▶ [Exercise directions]:
Output every record exactly and leave each picture out.
****************
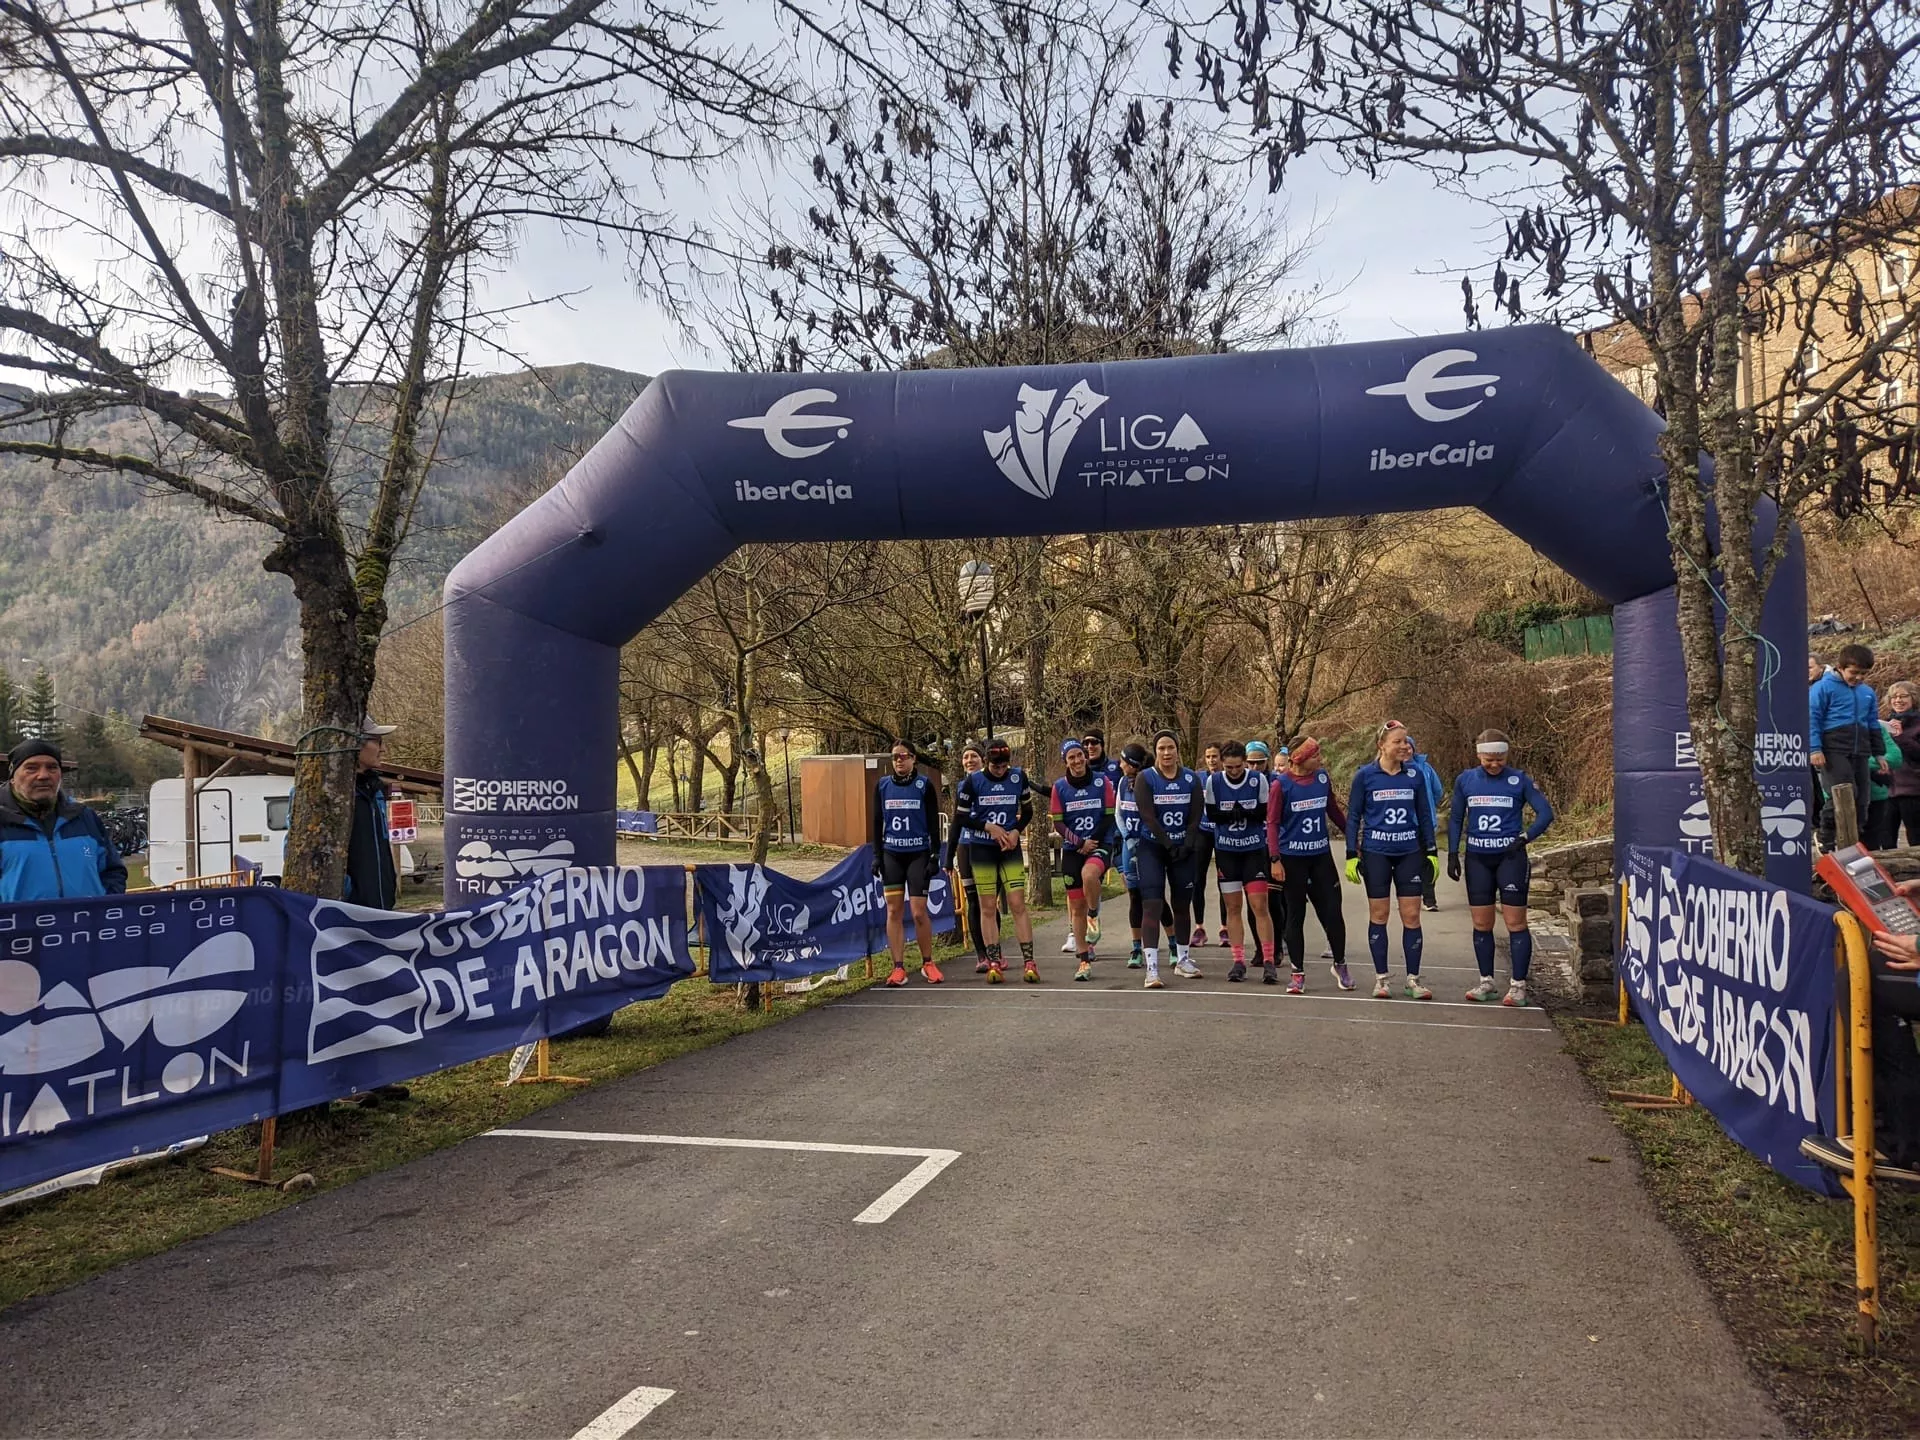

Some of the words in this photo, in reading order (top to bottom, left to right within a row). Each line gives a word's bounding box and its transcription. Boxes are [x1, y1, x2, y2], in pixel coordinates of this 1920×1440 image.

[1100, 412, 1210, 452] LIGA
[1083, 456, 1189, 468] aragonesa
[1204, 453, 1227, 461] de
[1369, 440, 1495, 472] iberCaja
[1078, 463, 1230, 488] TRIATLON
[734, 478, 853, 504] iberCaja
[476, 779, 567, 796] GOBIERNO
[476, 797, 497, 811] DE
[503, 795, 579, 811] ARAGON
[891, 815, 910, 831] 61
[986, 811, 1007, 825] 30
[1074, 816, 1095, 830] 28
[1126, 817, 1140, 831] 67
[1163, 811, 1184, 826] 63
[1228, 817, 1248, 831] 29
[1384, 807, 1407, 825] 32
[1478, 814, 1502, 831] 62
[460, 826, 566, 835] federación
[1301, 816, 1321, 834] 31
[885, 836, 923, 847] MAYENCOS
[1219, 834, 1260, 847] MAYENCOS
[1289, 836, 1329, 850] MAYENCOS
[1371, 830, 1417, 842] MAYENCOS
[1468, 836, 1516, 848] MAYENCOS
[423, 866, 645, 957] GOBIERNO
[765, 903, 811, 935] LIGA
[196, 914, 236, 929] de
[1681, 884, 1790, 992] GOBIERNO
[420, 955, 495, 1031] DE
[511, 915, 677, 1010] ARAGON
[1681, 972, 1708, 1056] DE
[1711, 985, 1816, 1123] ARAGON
****************
▶ [Task solution]:
Some of the words in this photo, in reading order (top to bottom, left to right within a row). Each line gives a word's bounding box and its transcription. Boxes are [x1, y1, x2, y2], in pixel coordinates of this 1920×1440 image.

[1100, 412, 1210, 452] LIGA
[1083, 456, 1189, 468] aragonesa
[1204, 453, 1227, 461] de
[1369, 440, 1495, 472] iberCaja
[1078, 463, 1230, 488] TRIATLON
[734, 478, 853, 504] iberCaja
[476, 779, 567, 796] GOBIERNO
[476, 797, 497, 811] DE
[503, 795, 579, 811] ARAGON
[891, 815, 910, 831] 61
[986, 811, 1007, 825] 30
[1074, 816, 1095, 830] 28
[1126, 817, 1140, 831] 67
[1163, 811, 1184, 826] 63
[1228, 817, 1248, 831] 29
[1384, 807, 1407, 825] 32
[1478, 814, 1502, 831] 62
[460, 826, 566, 835] federación
[1301, 816, 1321, 834] 31
[885, 836, 923, 847] MAYENCOS
[1219, 834, 1260, 847] MAYENCOS
[1289, 836, 1329, 850] MAYENCOS
[1371, 830, 1417, 842] MAYENCOS
[1468, 836, 1516, 848] MAYENCOS
[423, 866, 645, 957] GOBIERNO
[765, 903, 811, 935] LIGA
[196, 914, 236, 929] de
[1681, 884, 1790, 992] GOBIERNO
[420, 955, 495, 1031] DE
[511, 915, 677, 1010] ARAGON
[1681, 972, 1708, 1056] DE
[1711, 985, 1816, 1123] ARAGON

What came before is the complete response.